• What the exercise asks:
Would you retype exactly the lines below, starting with the one that has "this 1280×1104 image." and going on through the one that has "this 1920×600 image.", with no pictures and nothing else?

• Provided entries:
○ ○ ○ ○

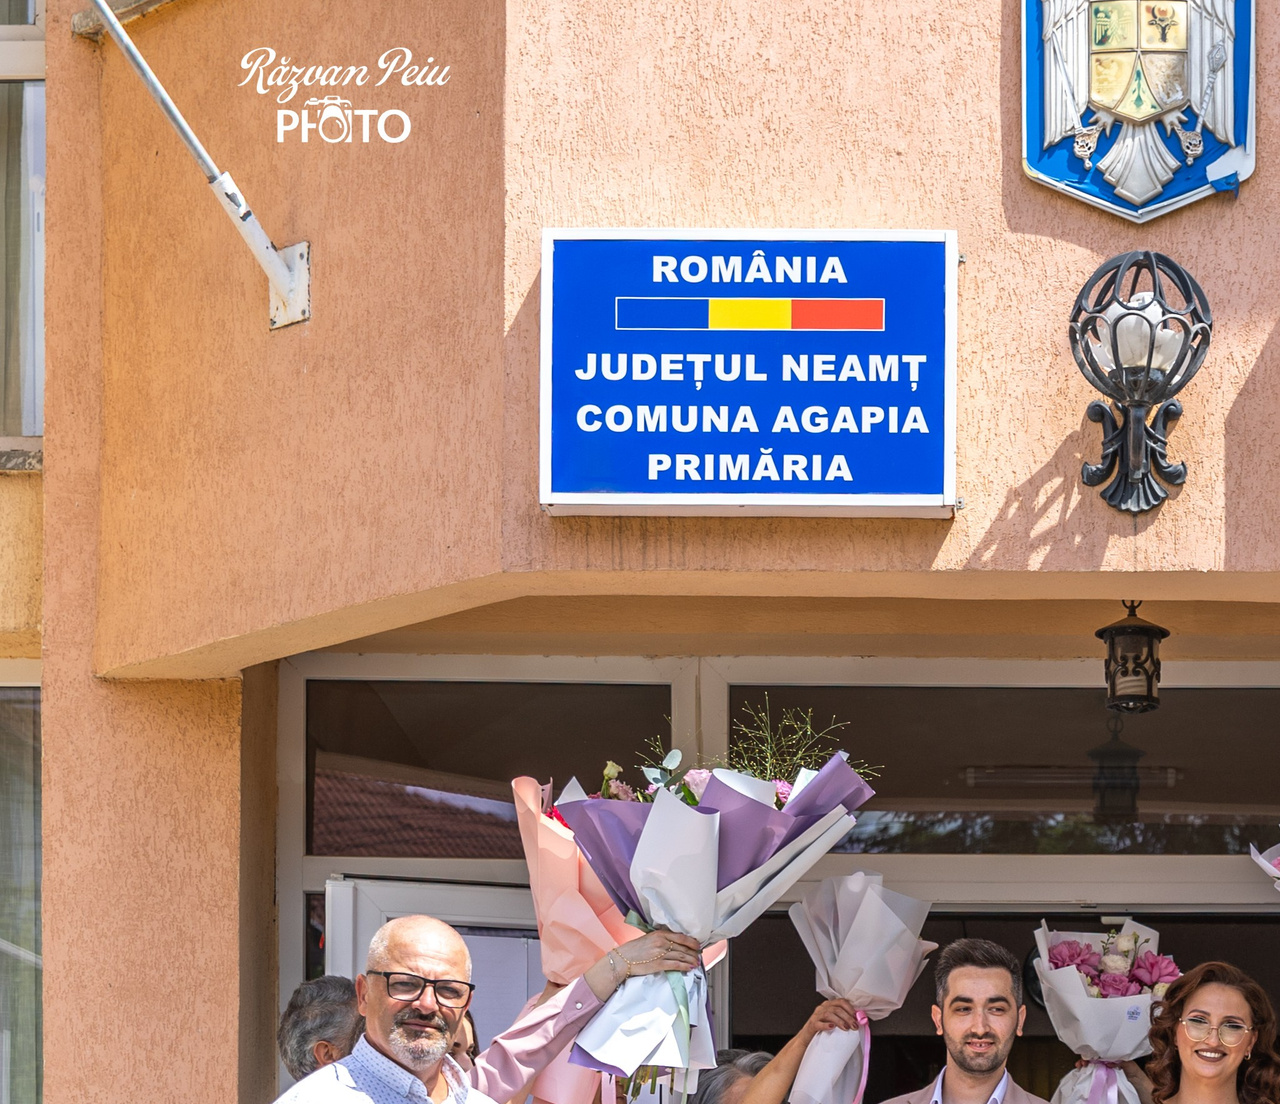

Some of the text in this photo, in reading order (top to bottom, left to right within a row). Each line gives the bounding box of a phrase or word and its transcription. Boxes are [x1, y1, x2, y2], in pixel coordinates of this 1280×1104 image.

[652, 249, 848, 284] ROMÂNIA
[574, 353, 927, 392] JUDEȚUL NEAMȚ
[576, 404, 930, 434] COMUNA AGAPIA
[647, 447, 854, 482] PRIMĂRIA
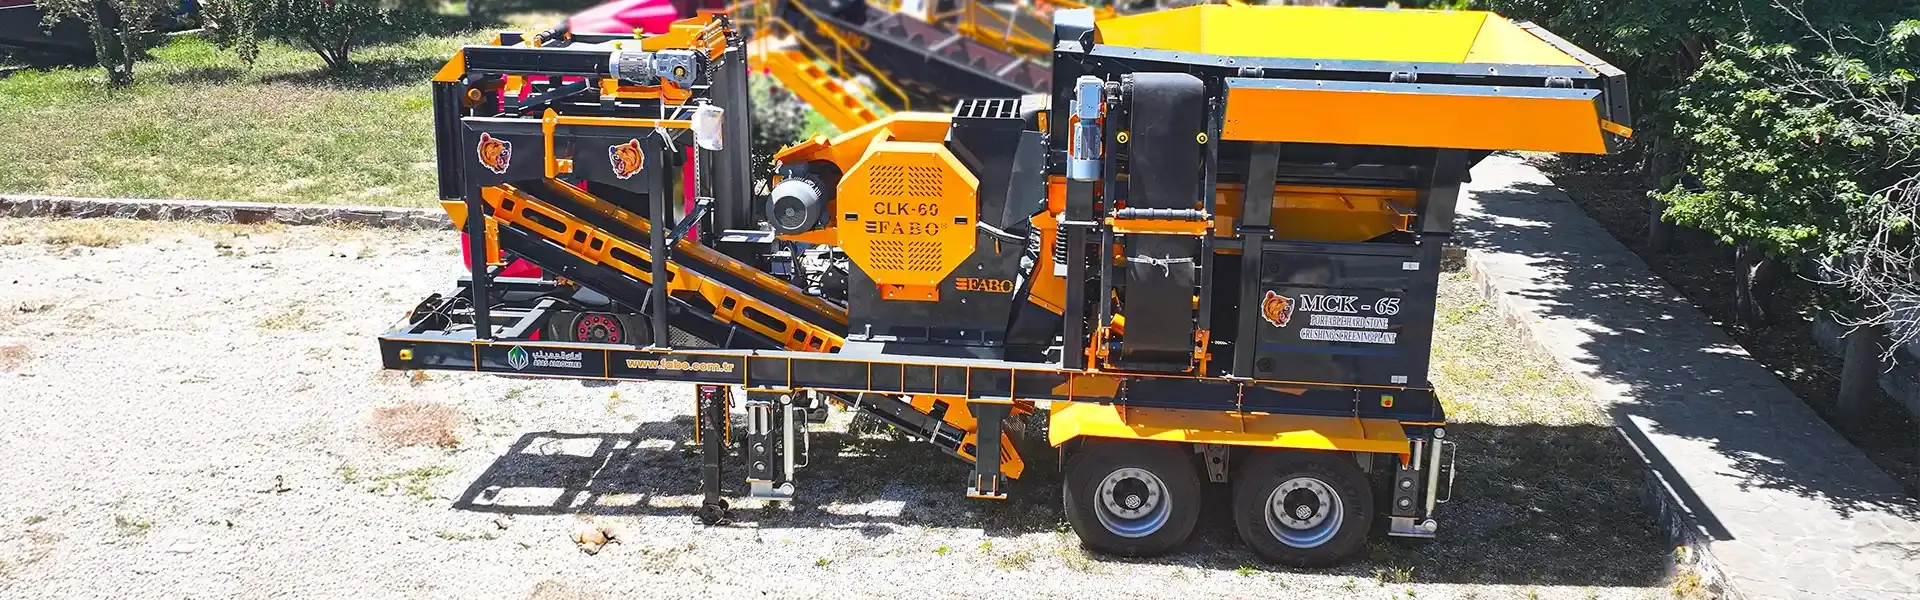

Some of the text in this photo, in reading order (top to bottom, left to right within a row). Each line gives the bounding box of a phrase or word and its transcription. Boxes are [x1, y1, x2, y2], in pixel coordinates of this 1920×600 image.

○ ○ ○ ○

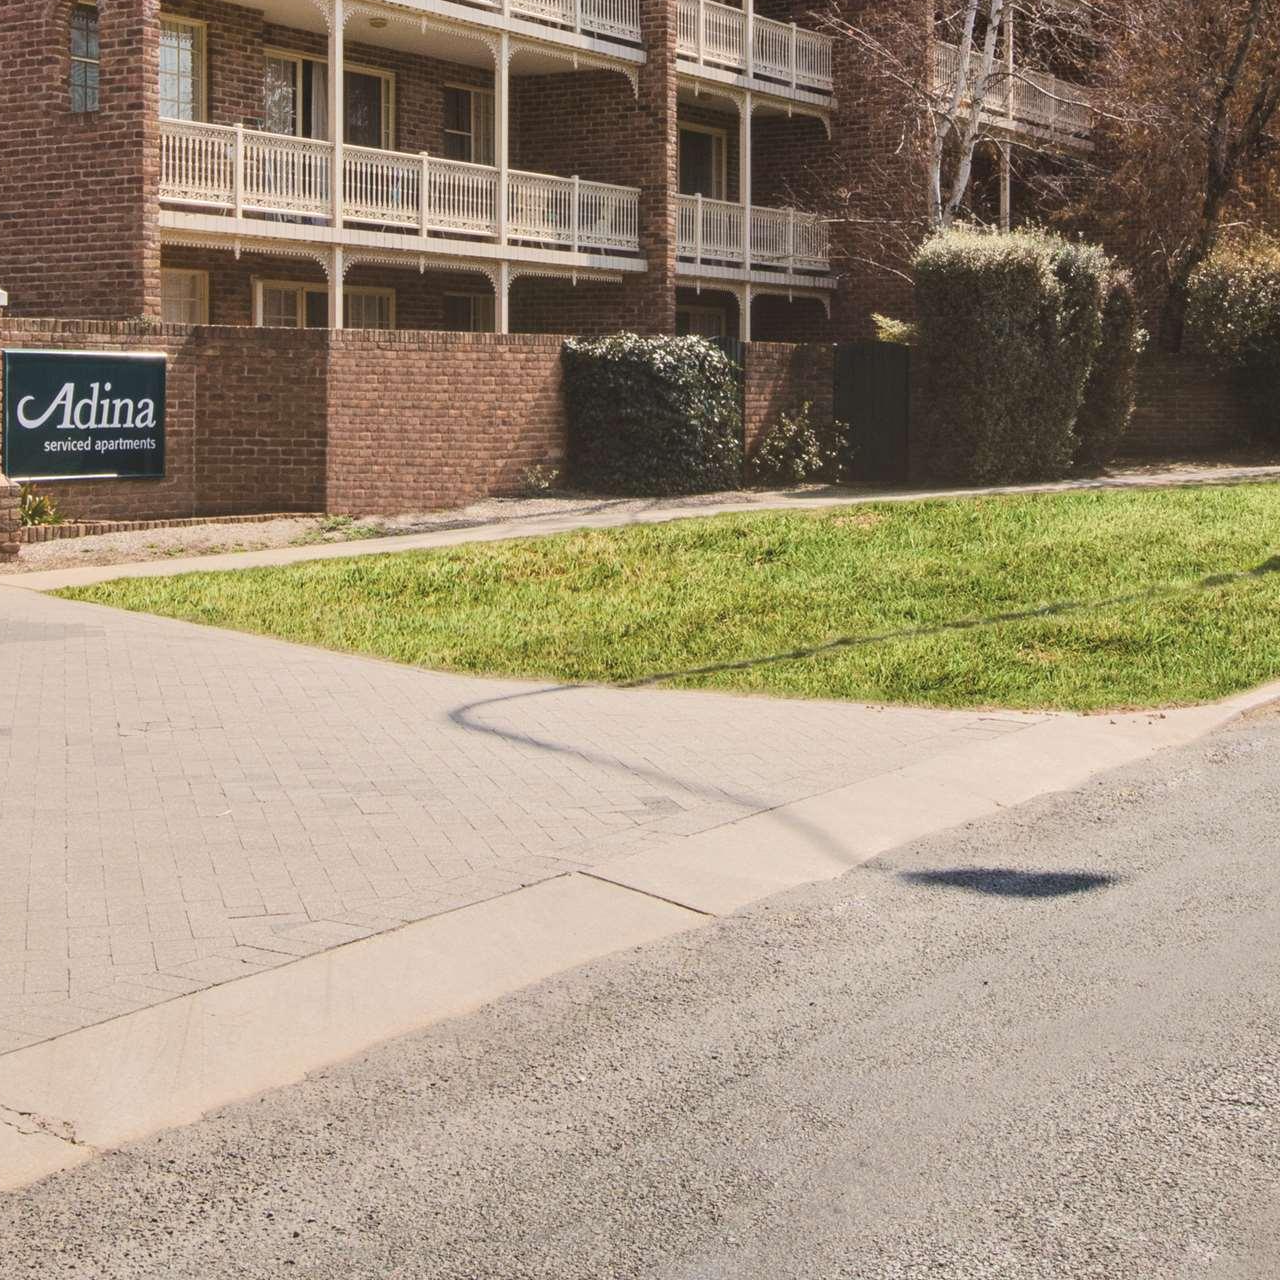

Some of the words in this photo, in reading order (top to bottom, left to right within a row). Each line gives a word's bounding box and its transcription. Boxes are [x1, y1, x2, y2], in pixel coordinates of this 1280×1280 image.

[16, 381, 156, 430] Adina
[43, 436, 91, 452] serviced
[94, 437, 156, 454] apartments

○ ○ ○ ○

• Response for this exercise:
Some of the text in this photo, in reading order (top to bottom, left to right within a row). Each line gives the bounding box of a phrase or word and its transcription. Boxes are [x1, y1, x2, y2], in pixel coordinates of this 1280×1104 image.

[652, 249, 848, 284] ROMÂNIA
[574, 353, 927, 392] JUDEȚUL NEAMȚ
[576, 404, 930, 434] COMUNA AGAPIA
[647, 447, 854, 482] PRIMĂRIA

Some of the text in this photo, in reading order (top to bottom, left to right within a row). Each line gives the bounding box of a phrase or word and its transcription. Boxes are [x1, y1, x2, y2], in pixel coordinates of this 1920×600 image.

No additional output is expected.